WHAT TO PRODUCE — An image-free, exact copy of the records below is required.

DATASET —
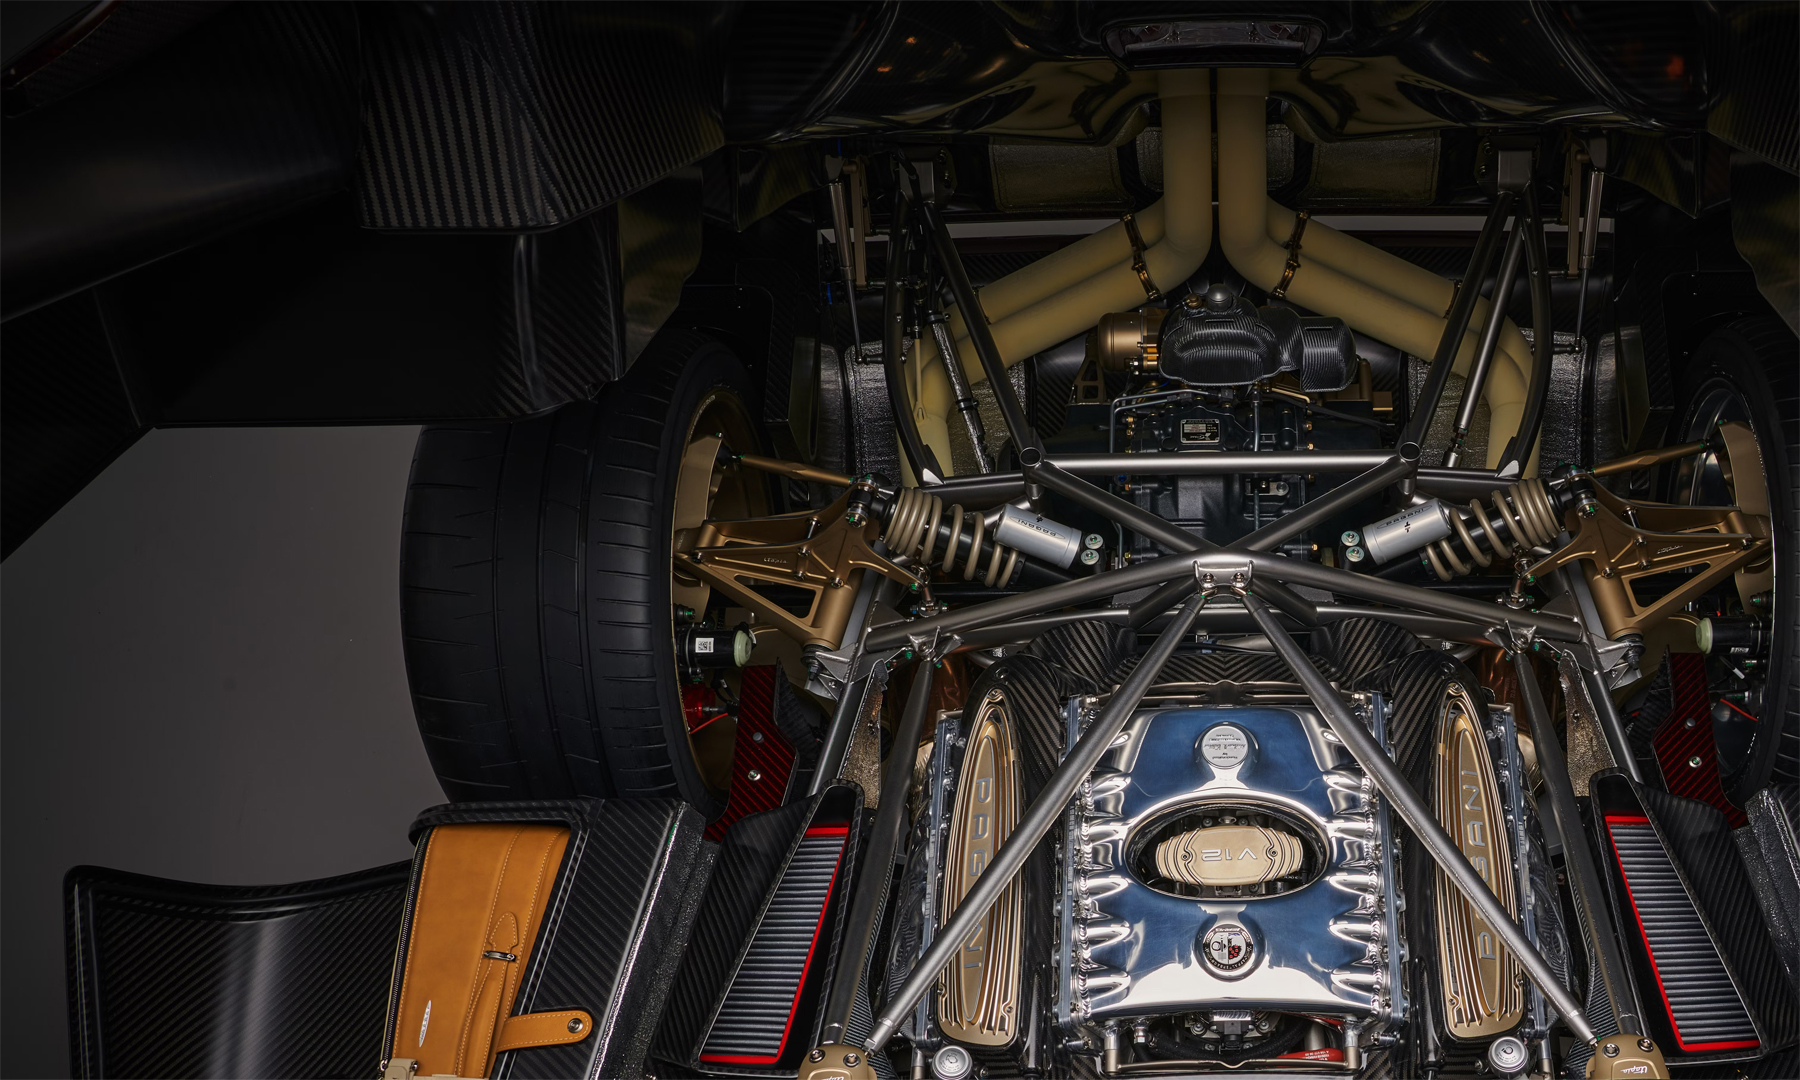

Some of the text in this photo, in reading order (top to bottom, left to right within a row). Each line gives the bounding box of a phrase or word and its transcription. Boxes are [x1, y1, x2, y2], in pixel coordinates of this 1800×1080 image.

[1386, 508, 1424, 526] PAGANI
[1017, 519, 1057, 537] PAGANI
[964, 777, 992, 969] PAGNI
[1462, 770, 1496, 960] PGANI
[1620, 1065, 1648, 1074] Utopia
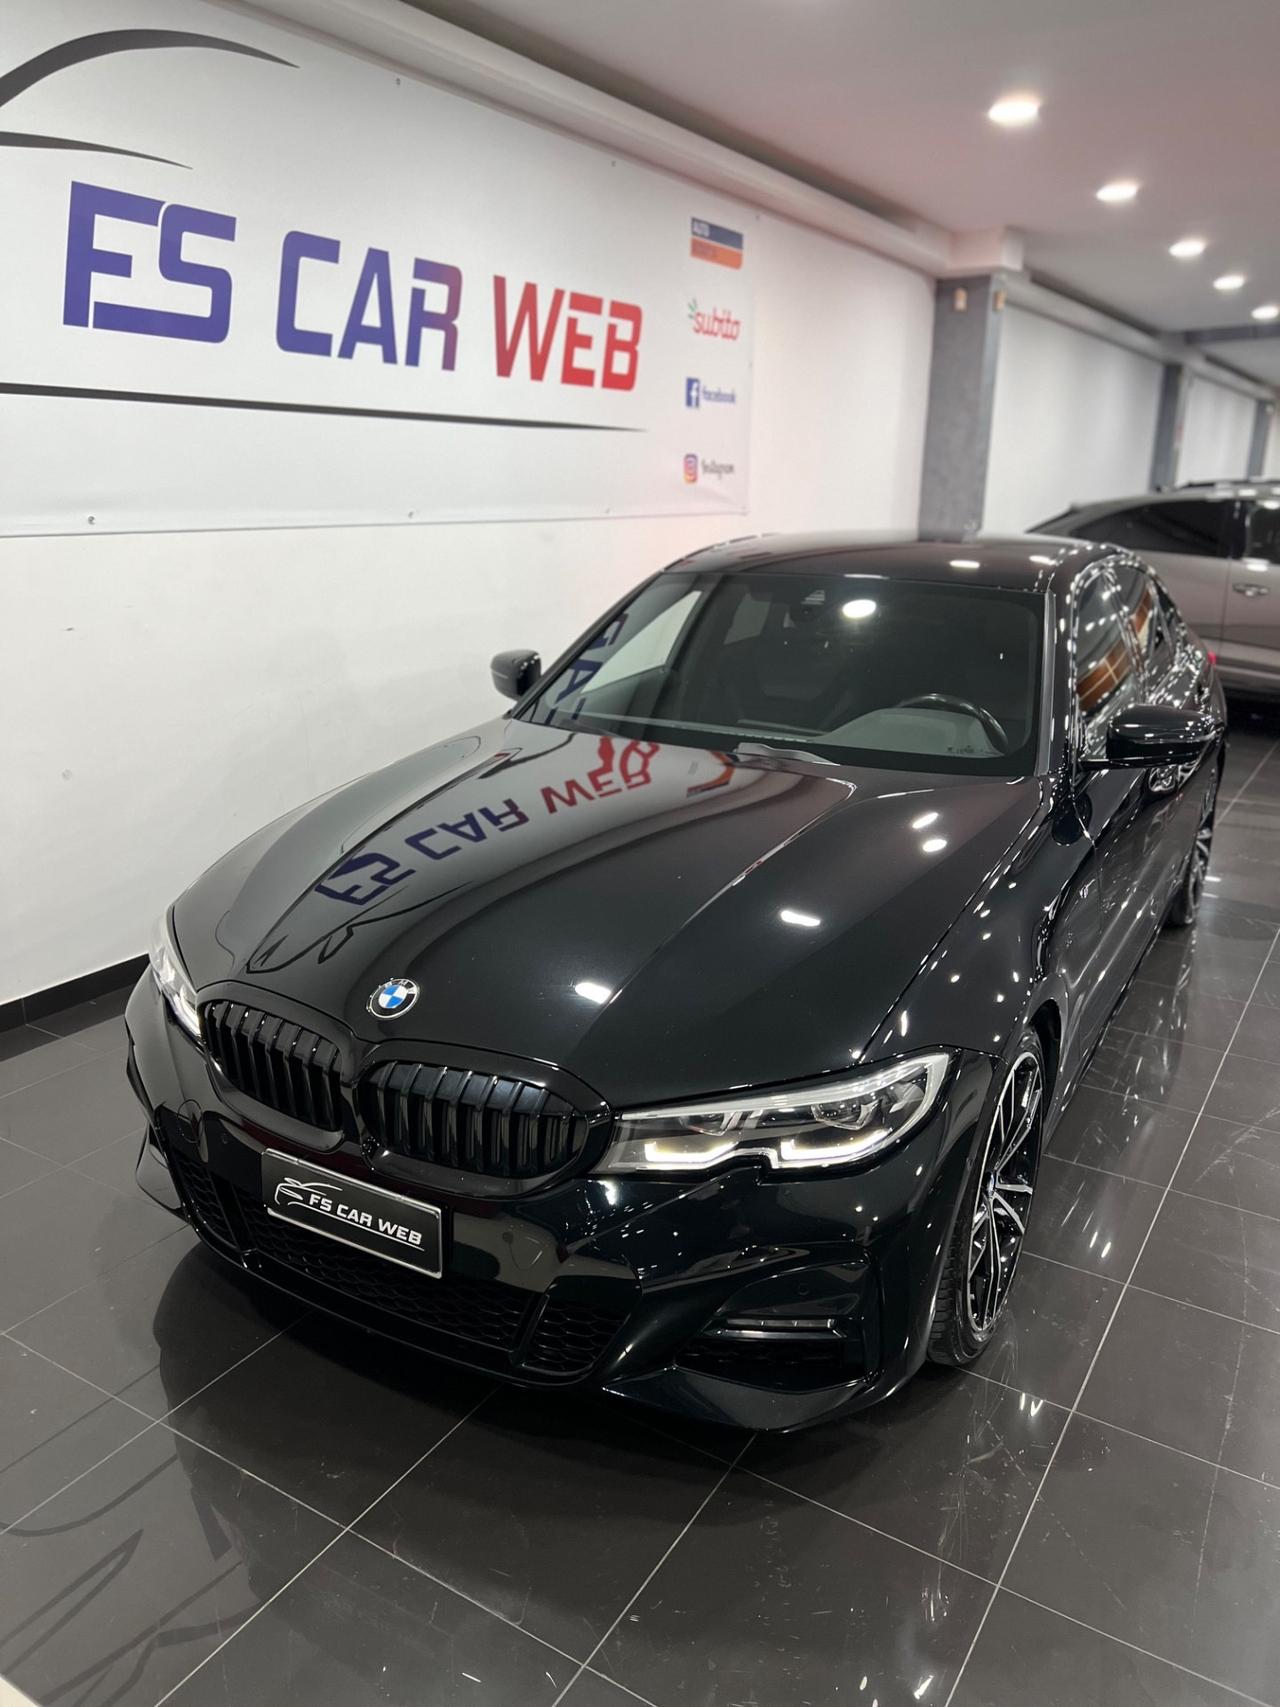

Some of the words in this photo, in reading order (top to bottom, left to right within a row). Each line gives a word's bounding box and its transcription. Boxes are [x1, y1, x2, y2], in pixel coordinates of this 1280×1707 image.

TASK ANSWER —
Some of the text in this photo, in reading order (top to bottom, left to right within a row). Each line gives the bounding box of a phrase or word and its transcription. Boxes are [x1, y1, x2, y2], in pixel coordinates of this 1800×1080 image.

[1386, 508, 1424, 526] PAGANI
[1017, 519, 1057, 537] PAGANI
[964, 777, 992, 969] PAGNI
[1462, 770, 1496, 960] PGANI
[1620, 1065, 1648, 1074] Utopia

Some of the words in this photo, in reading order (top to bottom, left to right within a row). Each line gives a word's bounding box and its transcription. Boxes are [x1, y1, x2, y2], in pixel coordinates of this 1280×1707 image.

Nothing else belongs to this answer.